MOG-AD shares some similarities with multiple sclerosis (MS) and neuromyelitis optica spectrum disorder (NMOSD), but it is considered a distinct clinical entity. MOG-AD primarily affects the optic nerves and spinal cord, leading to various neurological symptoms. These symptoms can include optic neuritis (inflammation of the optic nerve) resulting in vision problems, transverse myelitis (inflammation of the spinal cord) causing weakness and sensory disturbances, and other neurological deficits.

Diagnosing MOG-AD involves clinical evaluation, neuroimaging (such as MRI scans), cerebrospinal fluid analysis, and testing for the presence of MOG antibodies in the blood. It's important to note that the presence of MOG antibodies doesn't necessarily indicate the presence of the disease, as these antibodies can also be found in other conditions. Therefore, a comprehensive assessment is required to establish a diagnosis.

Treatment for MOG-AD typically involves managing acute attacks with immunosuppressive medications, such as corticosteroids and other immune-modulating drugs. Long-term management may involve medications to prevent relapses and maintain disease stability. Given the rarity of the condition and the evolving nature of research, treatment approaches can vary, and patients are often closely monitored by a team of neurologists.

It's essential for individuals suspected of having MOG-AD to work closely with healthcare professionals experienced in treating autoimmune neurological disorders to receive accurate diagnosis and appropriate management. If you suspect you or someone you know has MOG-AD, it's advisable to seek medical attention promptly for proper evaluation and guidance.


Myelin oligodendrocyte glycoprotein antibody-associated disease (MOG-AD) is an immune-mediated neuroinflammatory disorder leading to demyelination of the CNS. Interleukin (IL)-6 receptor blockade is under study in relapsing MOGAD as a preventative strategy, but little is known about the role of such treatment for acute MOGAD attacks.

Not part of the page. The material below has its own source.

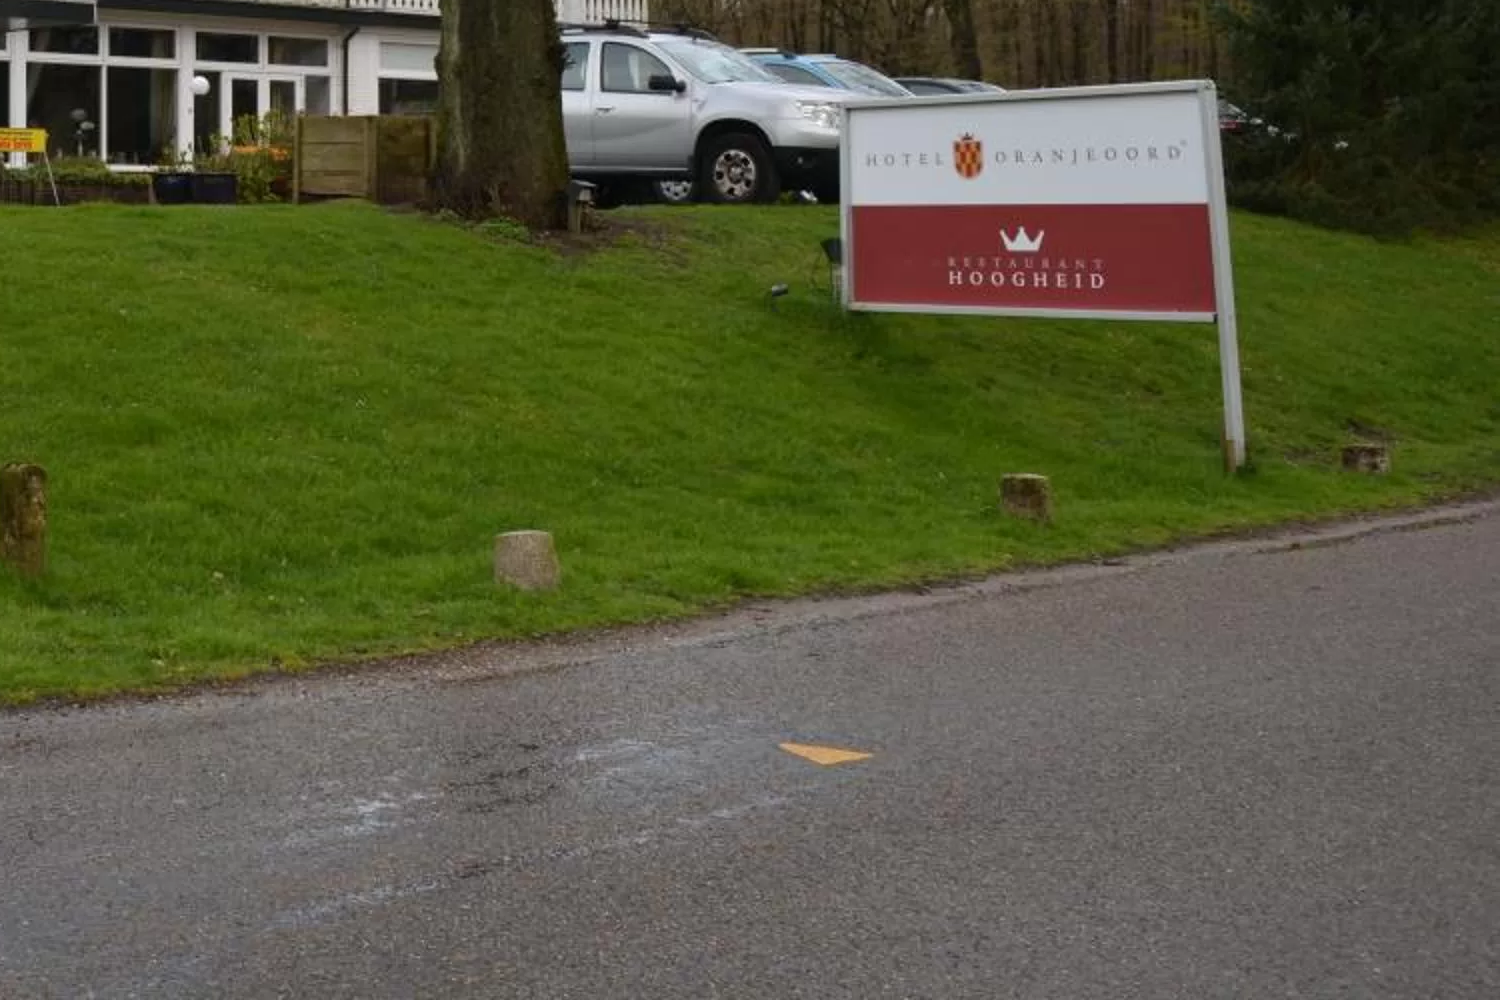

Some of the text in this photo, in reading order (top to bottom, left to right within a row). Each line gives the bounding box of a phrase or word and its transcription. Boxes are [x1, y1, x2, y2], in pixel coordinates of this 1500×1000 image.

[865, 150, 945, 168] HOTEL
[947, 256, 1105, 271] RESTAURANT
[948, 271, 1105, 290] HOOGHEID

McLendon et al. discuss the cases of a 7-year-old boy and a 15-year-old adolescent boy with severe acute CNS demyelination and malignant cerebral edema with early brain herniation associated with clearly positive serum titers of MOG-IgG, whose symptoms were incompletely responsive to standard acute therapies (high-dose steroids, IV immunoglobulins (IVIGs), and therapeutic plasma exchange).

Both boys improved quickly with IL-6 receptor inhibition, administered as tocilizumab. Both patients have experienced remarkable neurologic recovery.

They propose that IL-6 receptor therapies might also be considered in acute severe life-threatening presentations of MOGAD 1)


1)
McLendon LA, Gambrah-Lyles C, Viaene A, Fainberg NA, Landzberg EI, Tucker AM, Madsen PJ, Huh J, Silver MR, Arena JD, Kienzle MF, Banwell B. Dramatic Response to Anti-IL-6 Receptor Therapy in Children With Life-Threatening Myelin Oligodendrocyte Glycoprotein-Associated Disease. Neurol Neuroimmunol Neuroinflamm. 2023 Aug 15;10(6):e200150. doi: 10.1212/NXI.0000000000200150. PMID: 37582615.